We call the ships they arrive in Behemoths, and for good reason. Bigger than anything seen on Sarn, these flying contraptions are great, bulbous things, resembling, if anything, the humble woodlouse (for reference: Rolda de Grazon made a number of extraordinary sketches during the Eighth Rain, which are kept in the Grazon family archive, and these I have compared to other contemporary reports. Dear distant Cousin Rolda had a good eye). Within these Behemoths travel the seeds of their entire force. Behemoths that have been brought down and crashed into the surface of Sarn have proved difficult to explore, with most accounts of the interiors making little sense – the general assumption is that something within the broken ships causes humans to lose their sanity. It’s not a comforting thought. In recent times, pieces of broken-up Behemoth, shards of their strange green or black ‘moon-metal’,1 are known to generate or attract the beings known as ‘parasite spirits’ – no one knows why this is, whether they are from Sarn itself, or a direct fallout of this alien technology. The parasite spirits only started appearing after the Eighth Rain, for reasons we may never know. One theory I believe has merit is that they are some sort of ‘sleeping weapon’, left behind by the Jure’lia as a way of further poisoning our land while they themselves recuperate. It’s a fascinating idea.
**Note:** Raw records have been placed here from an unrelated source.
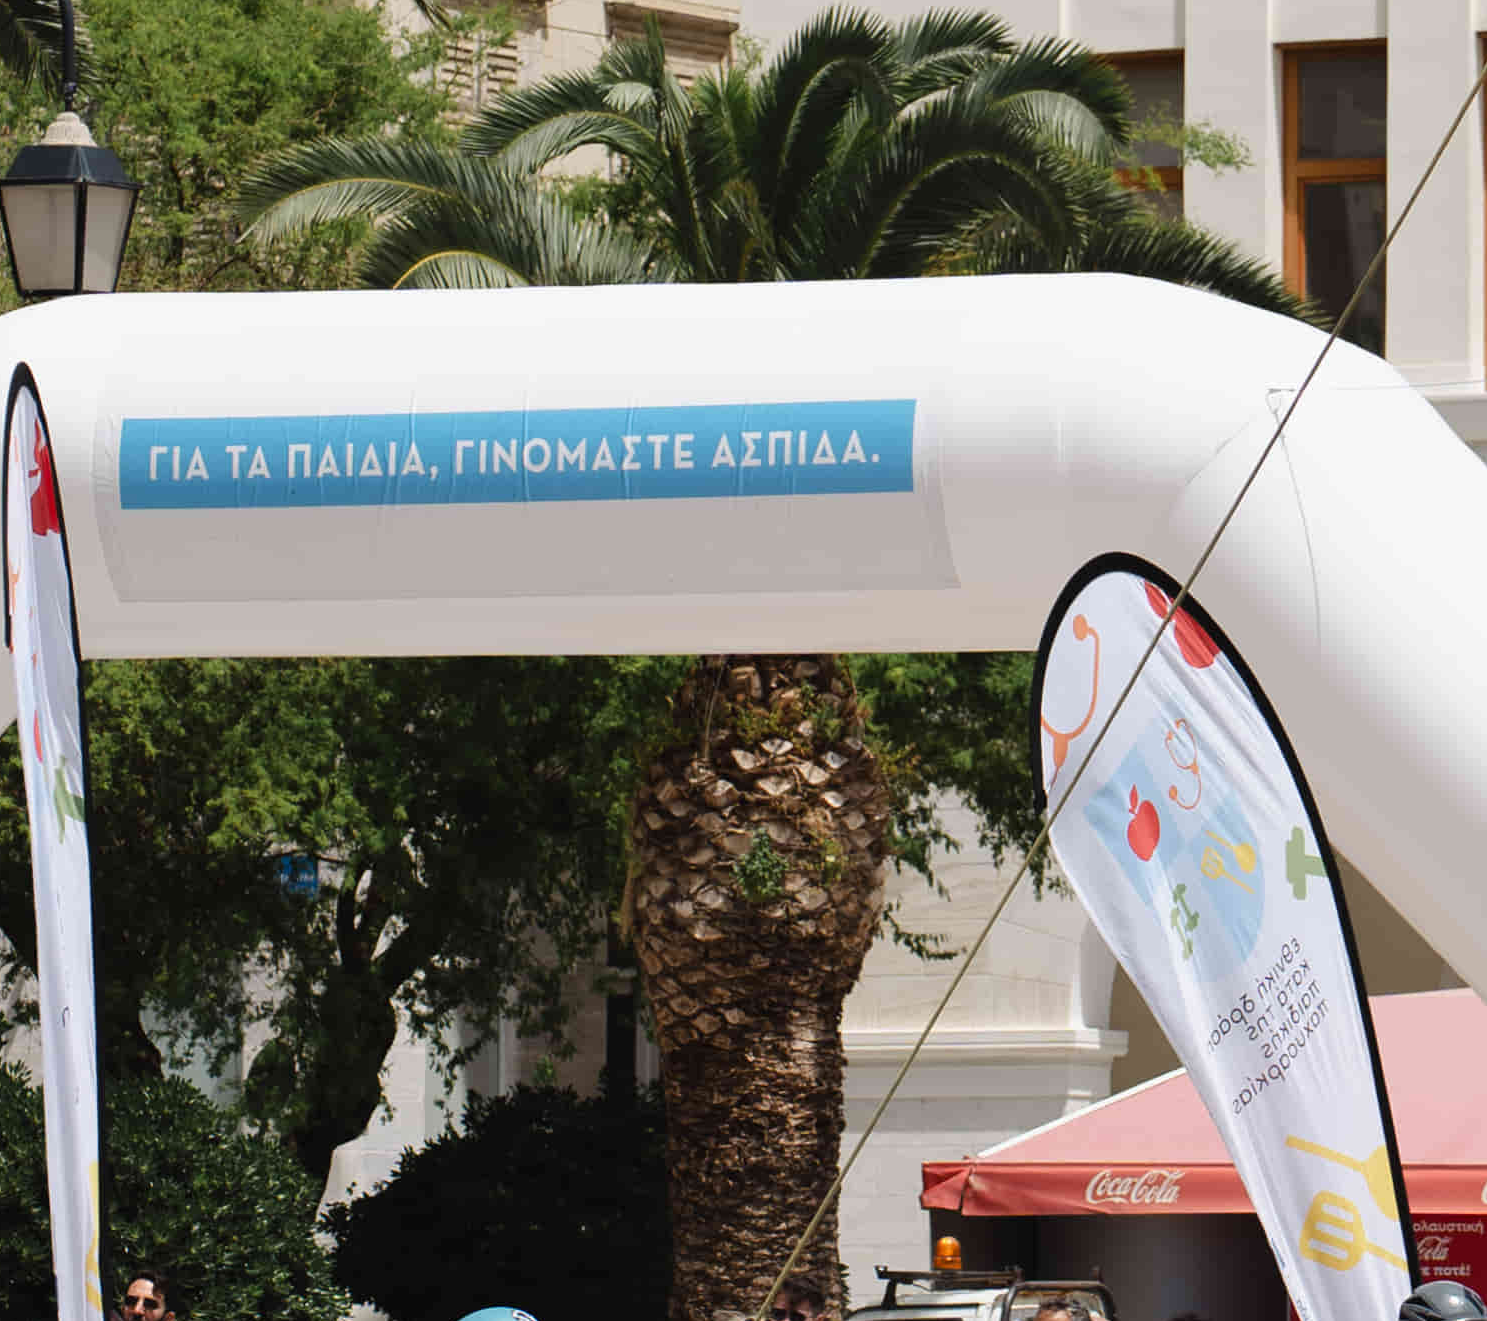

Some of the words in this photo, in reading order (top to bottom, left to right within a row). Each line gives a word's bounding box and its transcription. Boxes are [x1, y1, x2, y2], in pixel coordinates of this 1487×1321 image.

[149, 444, 209, 482] ΓΙΑ
[225, 443, 271, 481] ΤΑ
[288, 439, 440, 483] ΠΑΙΔΙΑ,
[454, 432, 695, 477] ΓΙΝΟΜΑΣΤΕ
[712, 427, 880, 468] ΑΣΠΙΔΑ.
[1086, 1169, 1185, 1205] Coca-Cola
[1413, 1219, 1484, 1235] ολαυστική
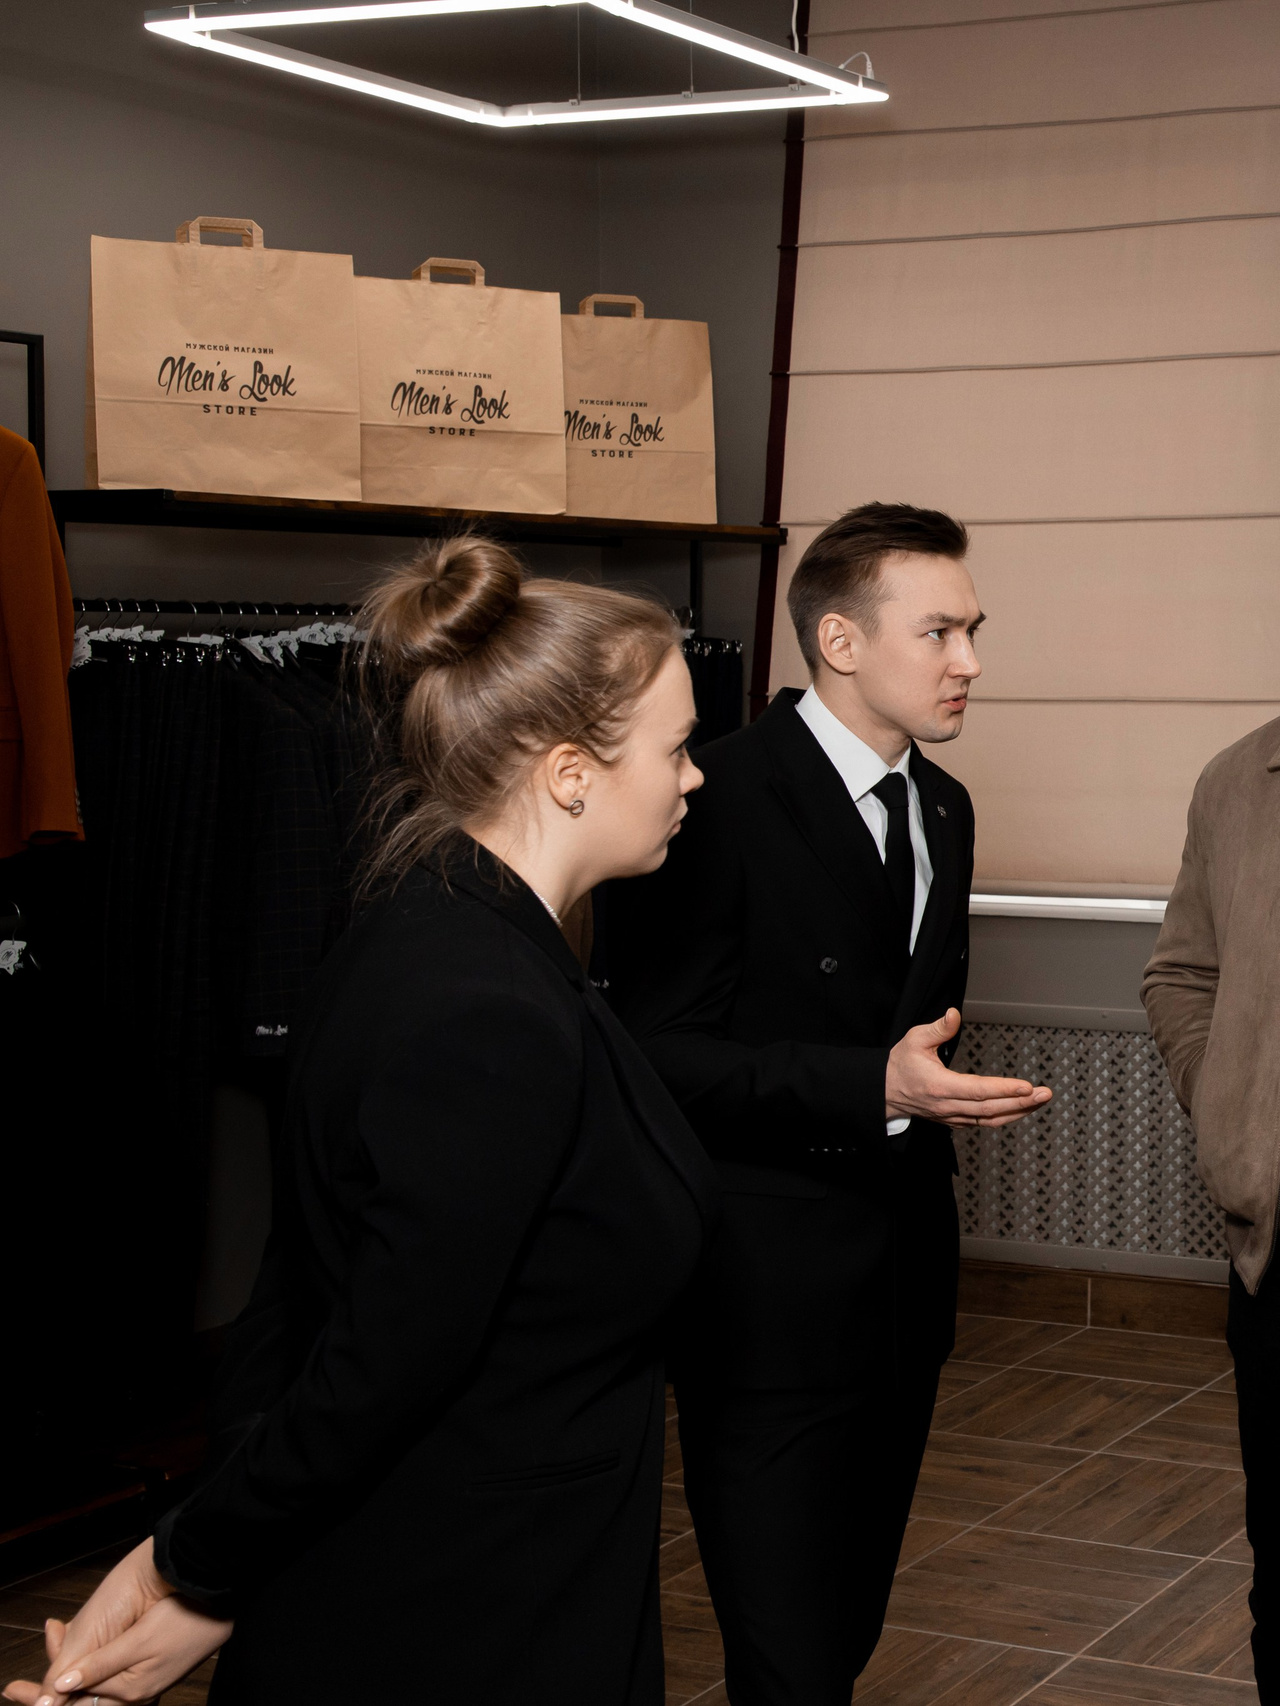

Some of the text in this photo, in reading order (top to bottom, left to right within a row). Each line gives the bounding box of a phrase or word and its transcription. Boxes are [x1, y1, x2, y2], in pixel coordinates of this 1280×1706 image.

[186, 343, 274, 355] МУЖСКОЙ МАГАЗИН
[158, 355, 297, 402] Men's Look
[416, 369, 492, 380] МУЖСКОЙ МАГАЗИН
[391, 381, 511, 424] Men's Look
[203, 404, 257, 416] STORE
[428, 426, 476, 437] STORE
[564, 410, 665, 447] Men's Look
[591, 449, 633, 458] STORE
Within each Behemoth will be several hundred ‘mothers’. As ever, with the Jure’lia, we are uncertain whether or not these creatures are entirely organic, or manufactured in some way. With six mobile legs coming together in a central ‘cup’, they mostly look like especially tall spiders, although without eyes or mandibles or even an abdomen. Instead, the cup holds a sac, pearlescent in colour, which generates, or gives birth to, thousands of ‘burrowers’, also referred to as ‘bugs’. These creatures look a little like beetles with soft body casings. They are narrow, with multiple legs, and, unfortunately, that’s about all I know as no organic material has ever survived from them. Infamously, burrowers are the true horror of the Jure’lia, and the method via which they threaten to conquer Sarn – burrowers will hide inside a human victim and ‘eat’ away their insides, leaving a hollow interior coated in a strange, black, viscous substance. Whatever this substance is, it is more than simple waste material, as it leaves the victim conscious and able to communicate to some extent – although, of course, all trace of their previous personality has been replaced with the Jure’lia hive. Such unfortunate souls are effectively dead – at least, to their families and friends.
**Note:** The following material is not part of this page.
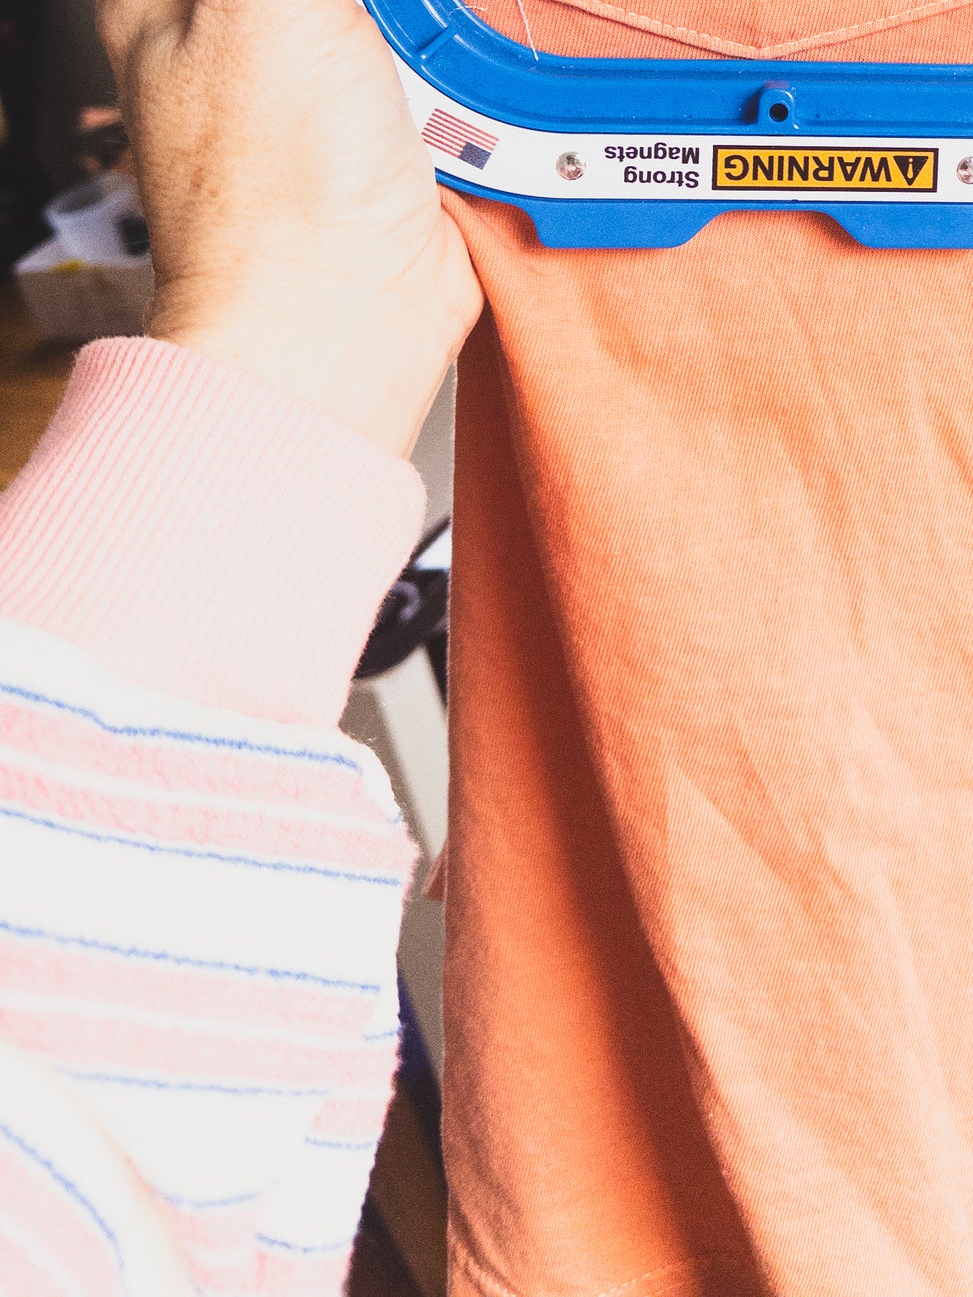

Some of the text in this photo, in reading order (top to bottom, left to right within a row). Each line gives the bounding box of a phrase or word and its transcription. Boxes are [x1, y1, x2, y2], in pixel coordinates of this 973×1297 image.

[604, 145, 700, 165] Magnets
[623, 166, 700, 189] Strong
[724, 154, 892, 182] WARNING
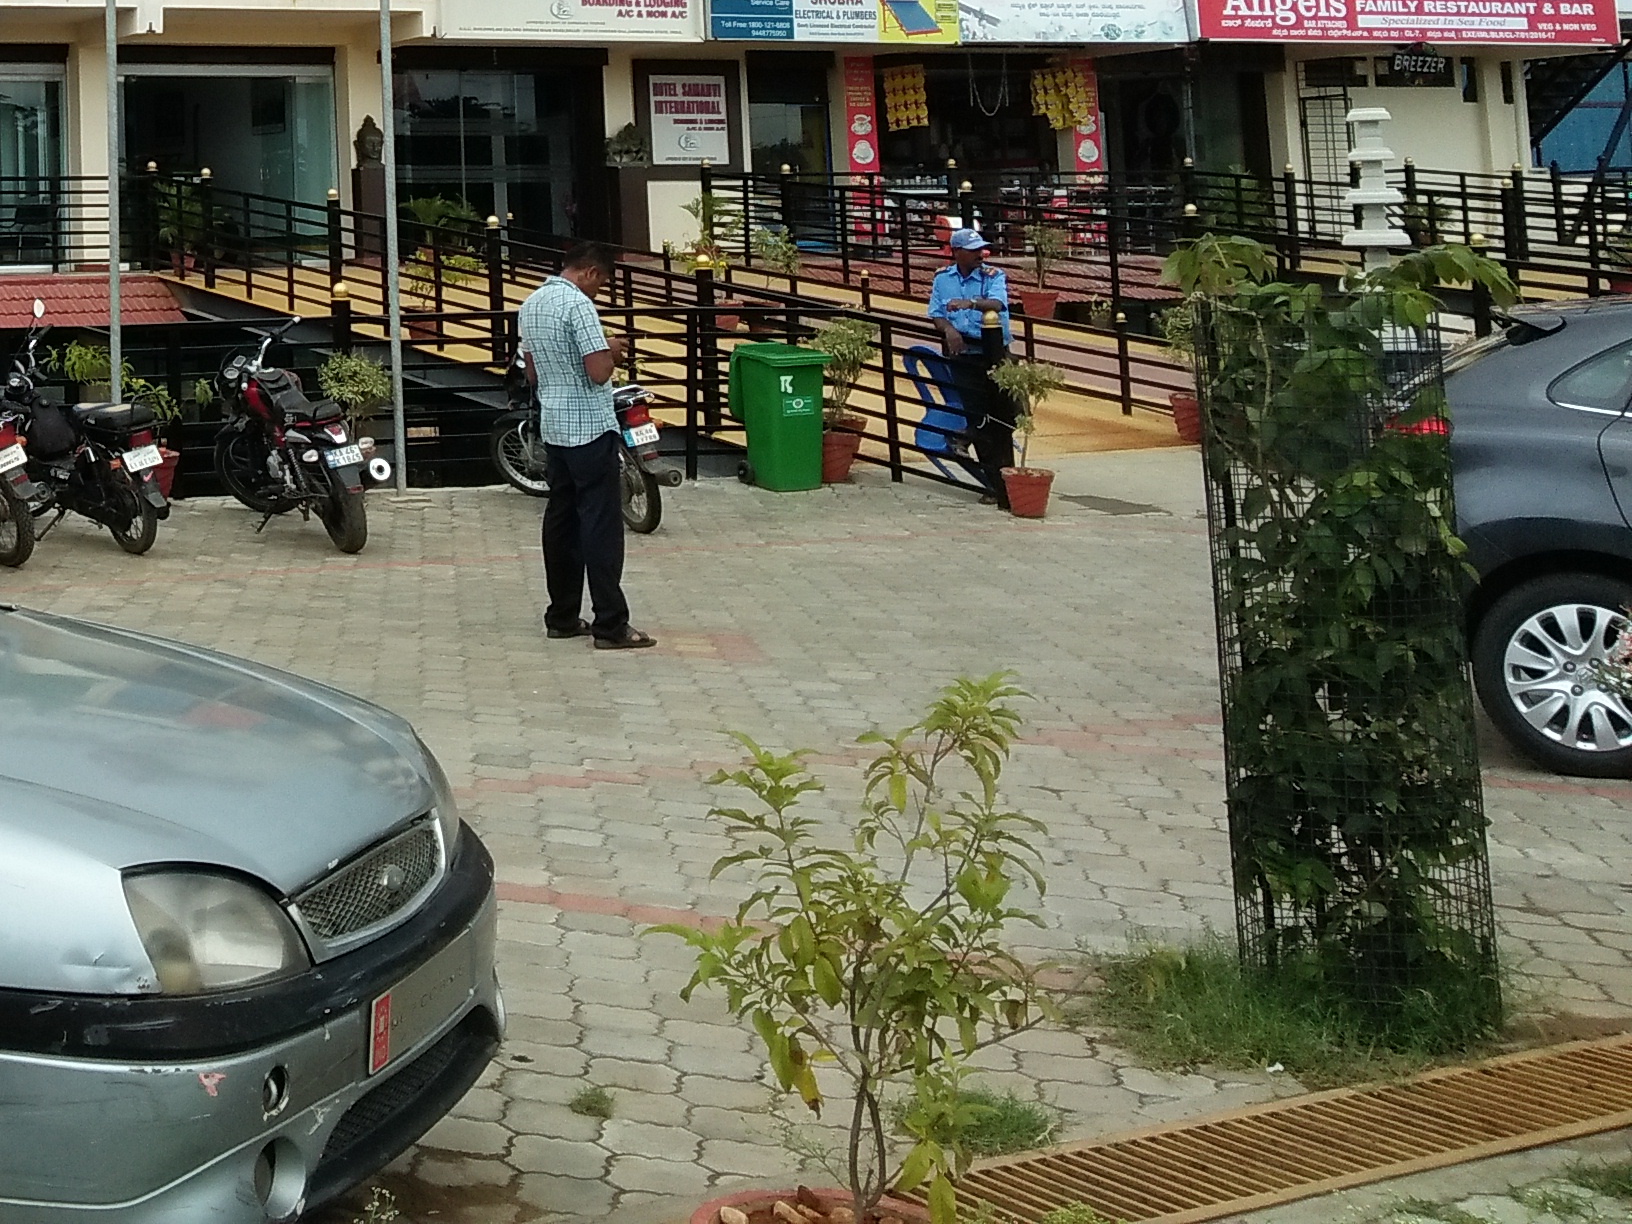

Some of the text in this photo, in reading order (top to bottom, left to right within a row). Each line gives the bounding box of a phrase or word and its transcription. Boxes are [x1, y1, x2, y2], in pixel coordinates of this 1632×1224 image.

When the burrowers have done their work, what we’re left with are drones. They make up the vast majority of the Jure’lia force, and represent a terrible psychological toll on the survivors. Fight against the Jure’lia and you will be killing enemies with the faces of your neighbours, your friends, your family, your lover. We know from accounts of previous invasions that armies have suffered significant losses of morale, which in turn has been devastating.
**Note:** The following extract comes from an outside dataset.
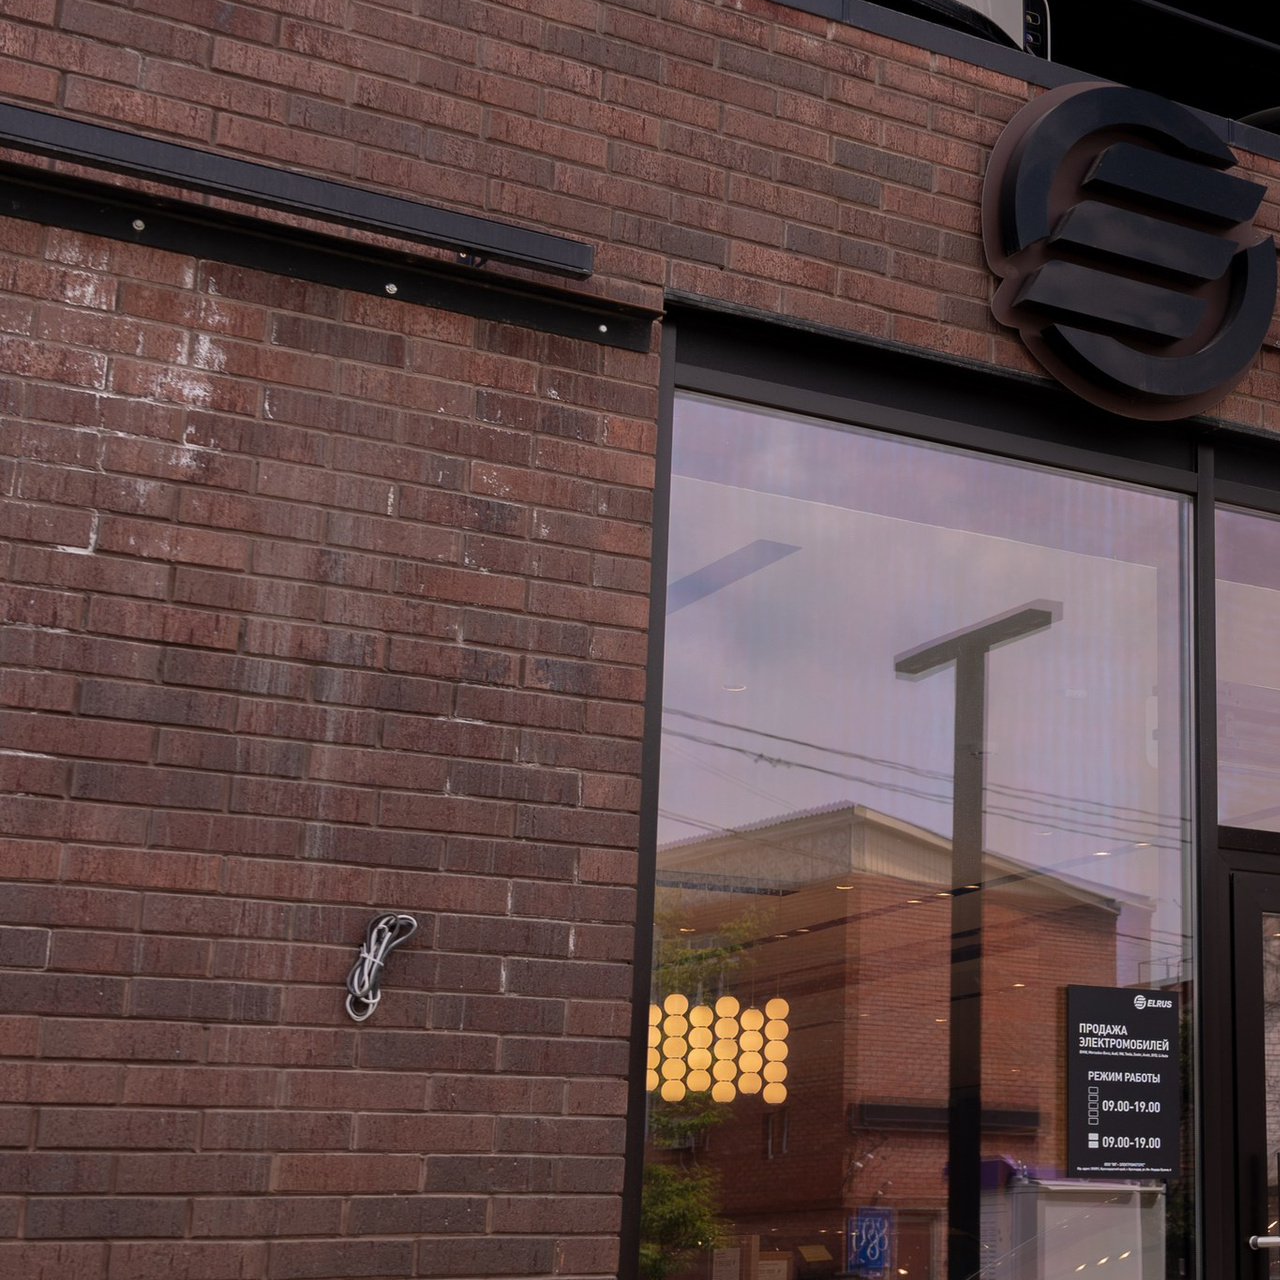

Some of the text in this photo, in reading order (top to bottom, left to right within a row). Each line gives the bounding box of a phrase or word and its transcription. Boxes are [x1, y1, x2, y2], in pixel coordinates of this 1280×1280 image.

Also contained within the Behemoths are ‘maggots’ (also referred to, rather colourfully, as the ‘shitters’, but I will stick to maggots for my purposes). Maggots are enormous living creatures, around sixty feet long and twenty feet wide. They move slowly, and seem to largely consist of a mouth at one end and an anus at the other, with a fat segmented middle section (for reference, again dear Cousin Rolda has done a series of drawings, from several angles. I must assume that because these things take a while to travel any distance, he was able to spend some time studying them). These creatures appear to have been entirely organic, with no interior skeleton and, consequently, no physical sign of them remains. These creatures made their slow way across Sarn, guarded by mothers and by drones, and consumed all the organic material in their paths. Trees, grass, plants, crops, animals, anything slower than them – and then excreted a vast amount of a thick, viscous slime, dark green in colour. This substance would then set, becoming harder than steel and smothering anything that came into contact with it.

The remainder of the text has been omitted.